Fas抗原及其配体和TRAIL及其受体在子宫颈癌及其癌前病变组织中的表达

　　宫颈癌发病率居妇科恶性肿瘤首位，近年来，在发展中国家发病率有上升趋势^[1] 。宫颈上皮内瘤变（cervical intraepithelial neoplasia，CIN）作为宫颈癌癌前病变，以其病理发展过程可分为CINⅠ、CINⅡ、CINⅢ级，目前认为，CINⅠ级几乎不发生癌变，20％～45％未治疗的CINⅡ及CINⅢ患者可能发生癌变。细胞凋亡的发生可能是由于诱导凋亡的凋亡配体如Fas抗原配体（FasL）和肿瘤坏死因子相关凋亡诱导配体(tumor necrosis factor-related apoptosis-inducing ligand,TRAIL)与细胞表面的凋亡受体如Fas抗原、死亡受体DR4和DIL5结合而导致的凋亡通路激活^[3] 。TRAIL有4种受体(TRAIL-R)：TRAIL-R1(即死亡受体DR4)、TRAIL-R2(即死亡受体DR5)、TRAIL-R3和TRAIL-R4，DR4和DR5有凋亡诱导活性，后两者可以与TRAIL结合但没有活性^[4] 。
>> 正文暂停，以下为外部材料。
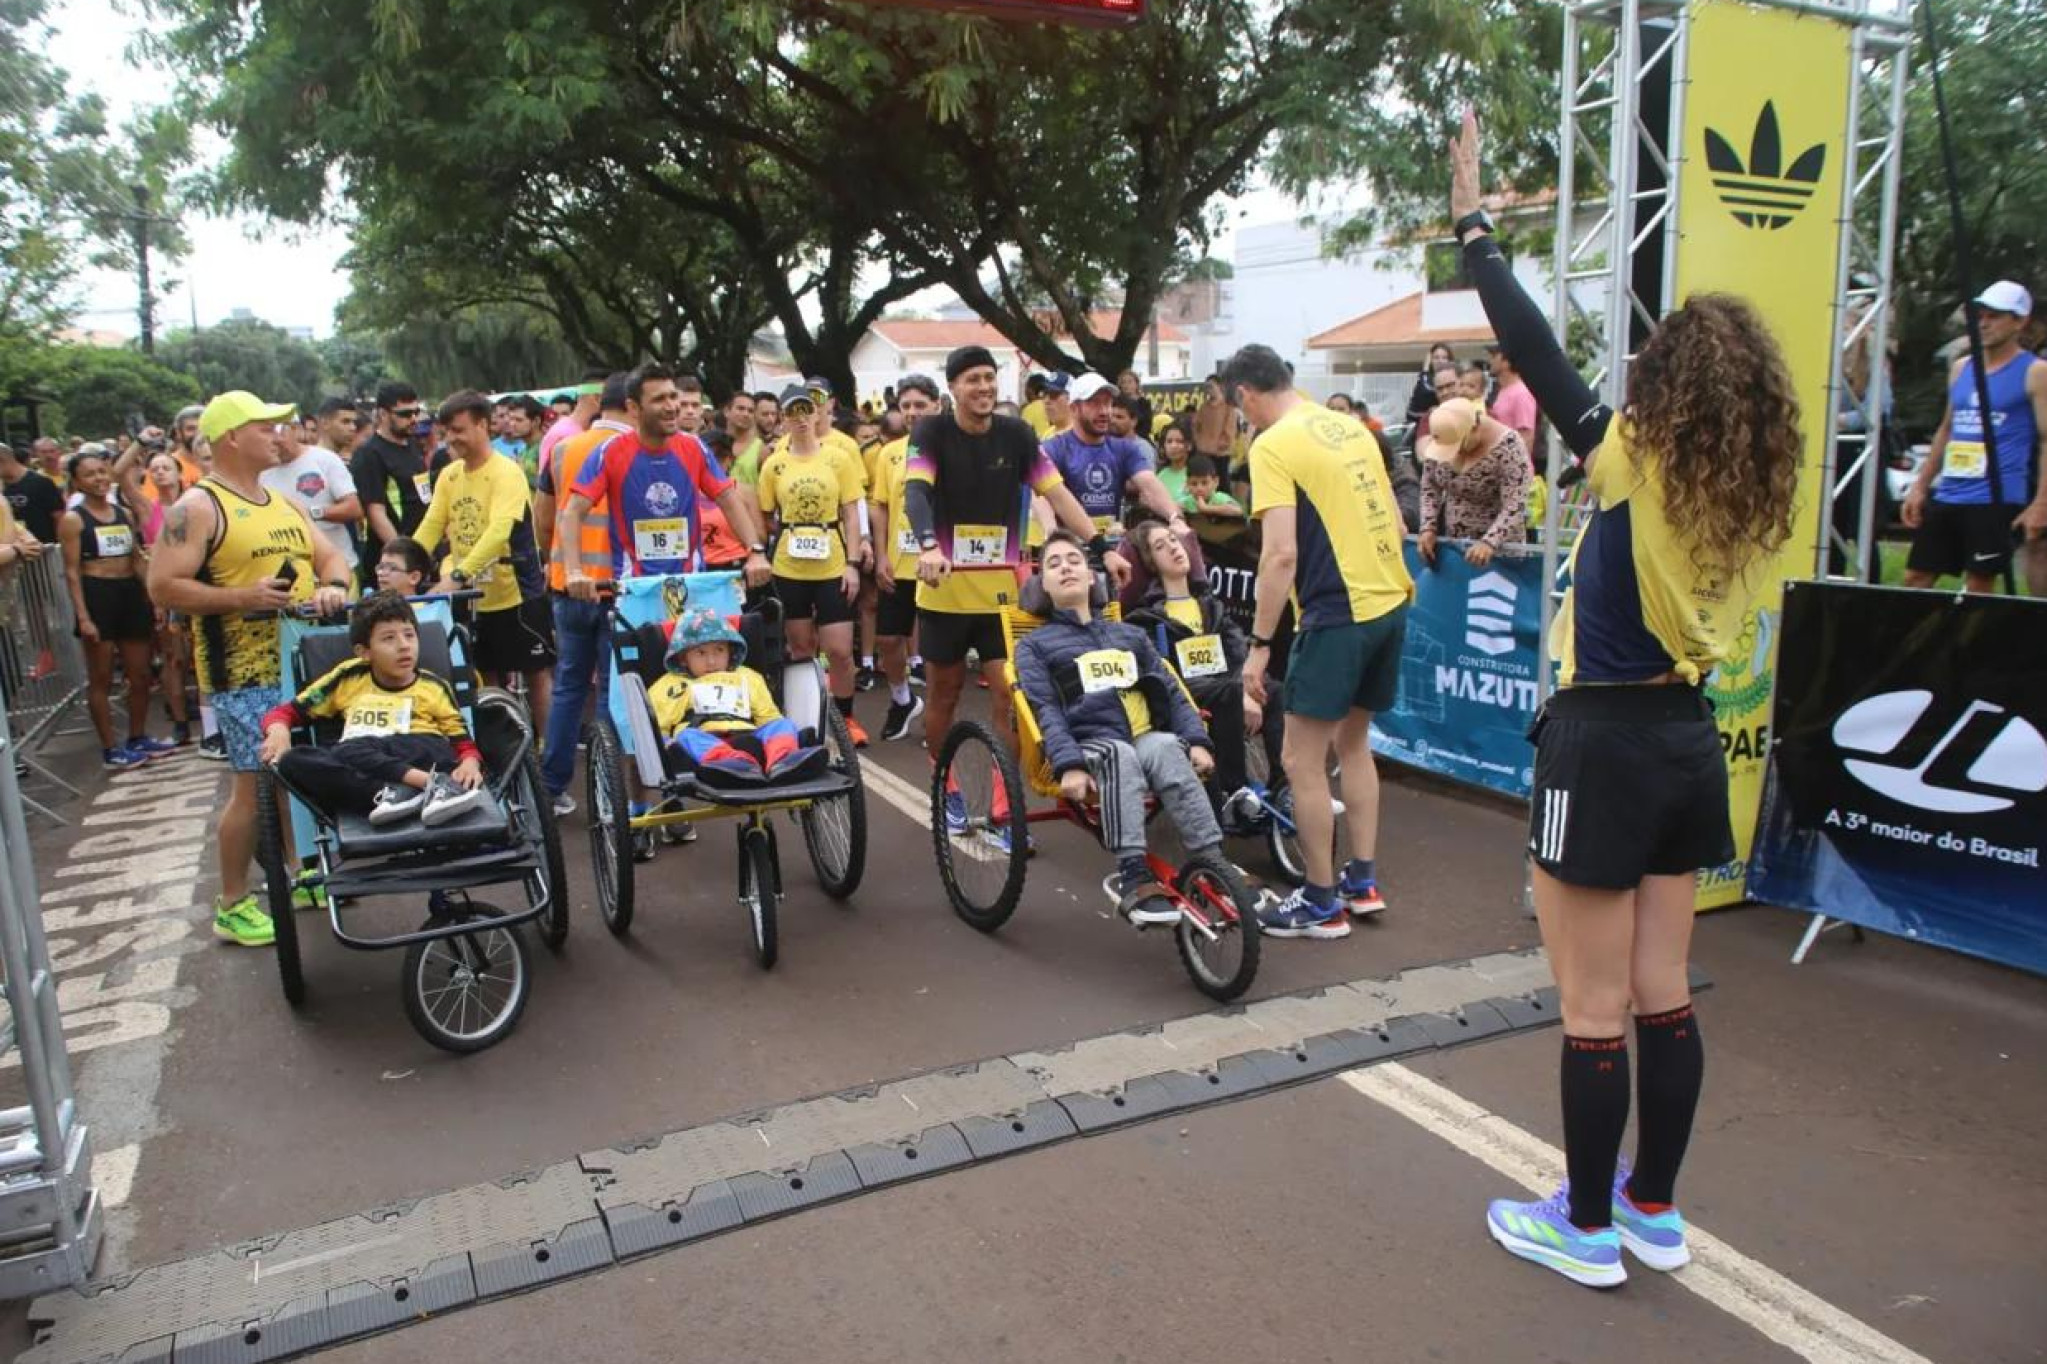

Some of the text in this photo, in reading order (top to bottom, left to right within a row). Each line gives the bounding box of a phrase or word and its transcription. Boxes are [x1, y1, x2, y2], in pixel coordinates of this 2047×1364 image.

本研究采用免疫组化法探讨宫颈癌变的不同阶段凋亡受体和凋亡配体(Fas、FasL、DR4、DR5、TRAIL)的表达与细胞增殖和凋亡的关系，探讨其在宫颈癌变中的作用。

一、材料与方法

1．材料来源：所有组织样本均来自华中科技大学同济医学院附属协和医院2003年7月至2005年9月宫颈活检、环形电切术(LEEP)和子宫手术切除的宫颈组织225份。患者年龄21～68岁，平均年龄43岁，CINⅠ患者50例，平均年龄41岁，CINⅡ40例，平均年龄37岁，CINⅢ45例，平均年龄46岁，宫颈癌患者40例，平均年龄51岁。作为正常对照的正常宫颈鳞状上皮组织50份，来自因子宫平滑肌瘤或子宫腺肌病而切除的子宫标本，经病理检查证实官颈上皮无异常改变。CIN的诊断按照《妇产科学》(第6版)的标准，宫颈癌的诊断参照文献^[5] 。

2．标本制备：所有组织样本均经4％中性甲醛溶液固定，石蜡 包埋，连续切片5张，厚度3～4μm，1张行HE染色，进行分类诊断，由3位有经验的病理医师对全部样本的病理诊断进行复查，诊断一致的病例方纳入研究样本；3张用于免疫组化染色；另1张备用。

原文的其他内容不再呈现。